A clinically relevant piglet model of perinatal asphyxia (PA) and hypoxic-ischemic encephalopathy (HIE) was developed, incorporating severe hypercapnia alongside hypoxia. Anesthetized, artificially ventilated piglets underwent 20 minutes of asphyxia induced by a 6% O₂ / 20% CO₂ gas mixture, producing profound hypoxia (pO₂ = 27 ± 4 mmHg), combined acidosis (pH = 6.76 ± 0.04), and markedly suppressed electroencephalography (EEG). Following asphyxia, animals were reventilated with either air or 2.1% H₂-enriched air for 4 hours. At 24-hour survival, brains were assessed neuropathologically.
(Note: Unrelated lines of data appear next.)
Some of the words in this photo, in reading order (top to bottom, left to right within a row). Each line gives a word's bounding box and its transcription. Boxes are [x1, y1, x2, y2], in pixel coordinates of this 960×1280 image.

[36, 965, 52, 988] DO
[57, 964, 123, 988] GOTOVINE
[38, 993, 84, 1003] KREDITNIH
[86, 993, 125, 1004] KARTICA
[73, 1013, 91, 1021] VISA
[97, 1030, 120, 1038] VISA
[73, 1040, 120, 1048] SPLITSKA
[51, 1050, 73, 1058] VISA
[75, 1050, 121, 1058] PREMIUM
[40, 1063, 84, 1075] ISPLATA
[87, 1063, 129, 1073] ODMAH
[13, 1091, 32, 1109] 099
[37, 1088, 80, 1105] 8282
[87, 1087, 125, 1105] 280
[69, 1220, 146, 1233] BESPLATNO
H₂-treated animals showed significantly better neuronal preservation in the cerebral cortex, hippocampus, basal ganglia, and thalamus, along with enhanced EEG recovery. Attenuation of 8-hydroxy-2'-deoxyguanosine immunostaining indicated reduced oxidative DNA damage in the H₂ group. These findings support the feasibility of hydrogen gas post-conditioning as a neuroprotective strategy in neonatal asphyxia.

Mechanism

H₂ inhalation reduced oxidative DNA damage, evidenced by decreased 8-hydroxy-2'-deoxyguanosine immunostaining, thereby attenuating neuronal cell death in cortical and subcortical regions following hypoxic-ischemic injury.